Aim of the exercise> Please repeat the entries below exactly as written, leaving out any images.

[Dataset excerpts]
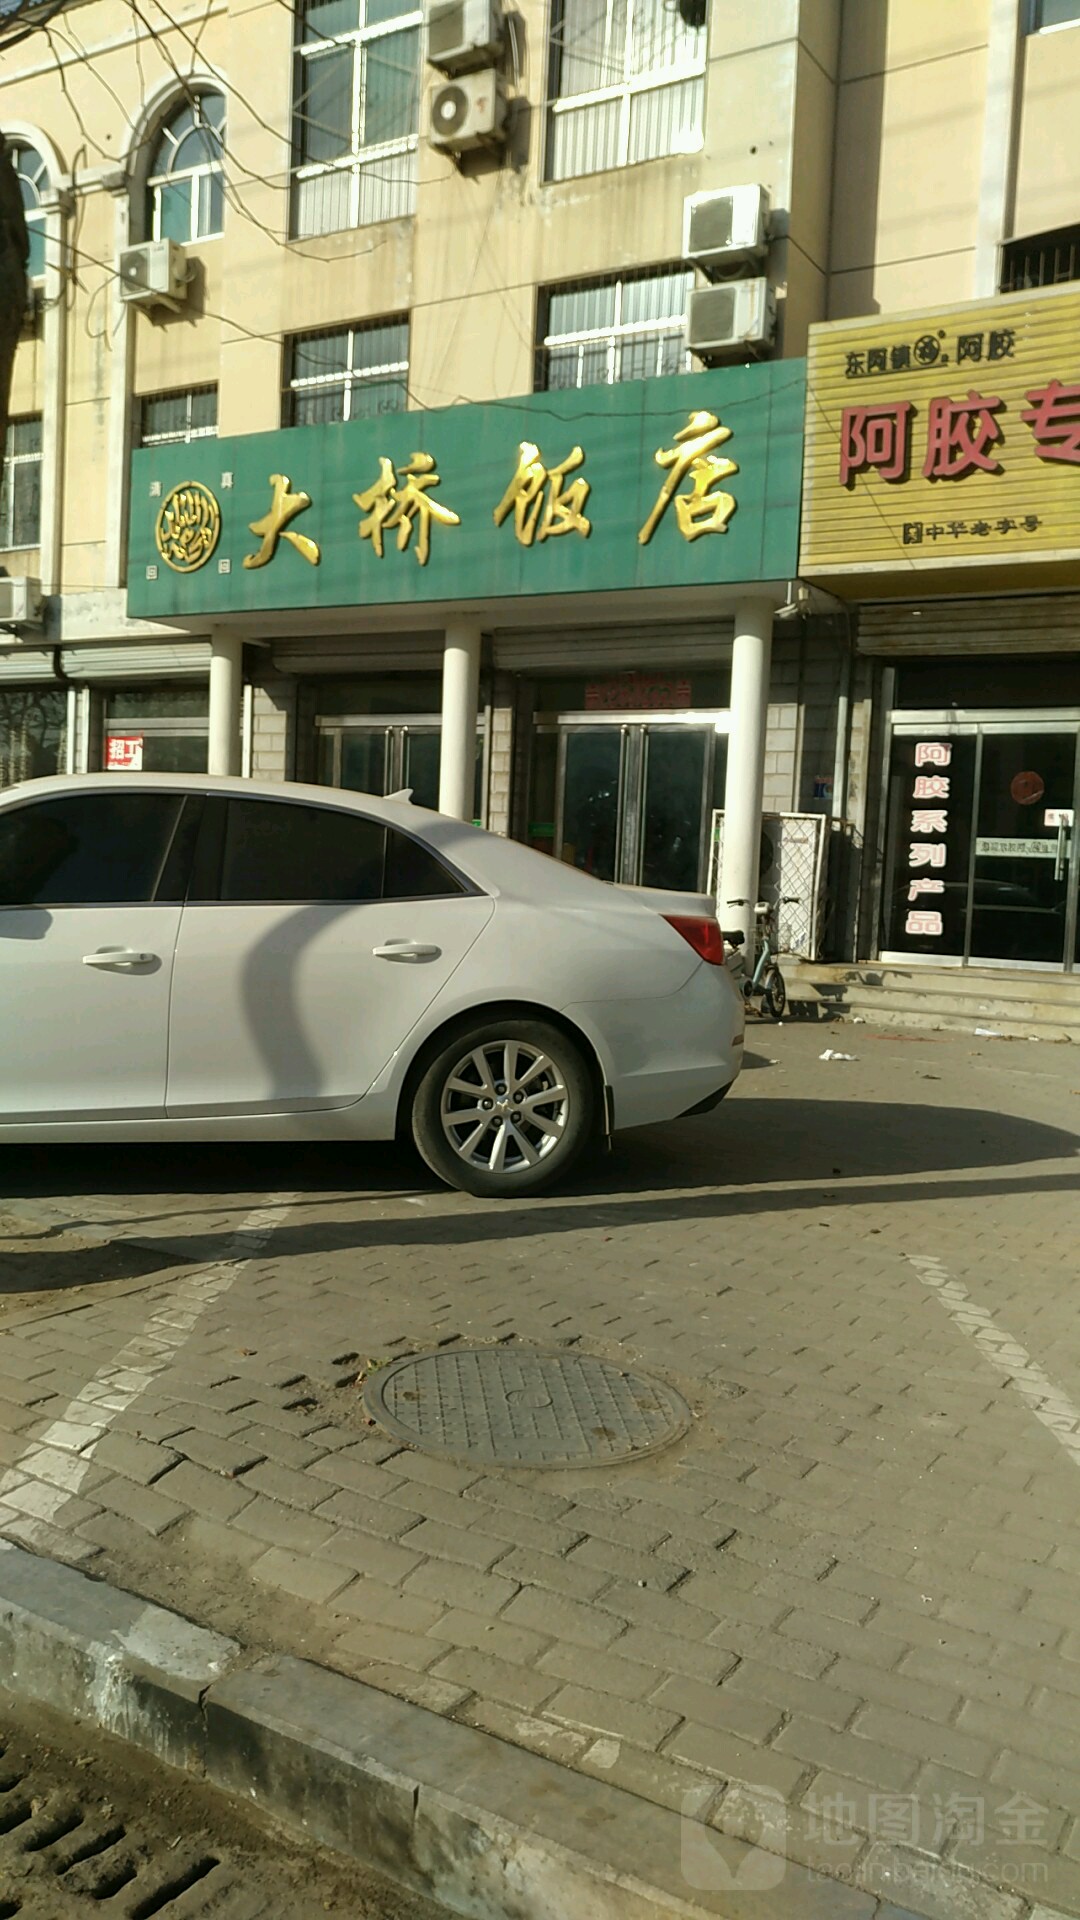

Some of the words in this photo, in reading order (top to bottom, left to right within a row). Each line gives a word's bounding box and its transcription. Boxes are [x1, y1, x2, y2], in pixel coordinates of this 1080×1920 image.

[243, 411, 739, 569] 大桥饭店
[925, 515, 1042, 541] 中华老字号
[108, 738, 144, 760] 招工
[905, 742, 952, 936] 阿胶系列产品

Solution for this task>
Some of the words in this photo, in reading order (top to bottom, left to right within a row). Each line gives a word's bounding box and its transcription. Boxes are [x1, y1, x2, y2], in pixel coordinates of this 1080×1920 image.

[243, 411, 739, 569] 大桥饭店
[925, 515, 1042, 541] 中华老字号
[108, 738, 144, 760] 招工
[905, 742, 952, 936] 阿胶系列产品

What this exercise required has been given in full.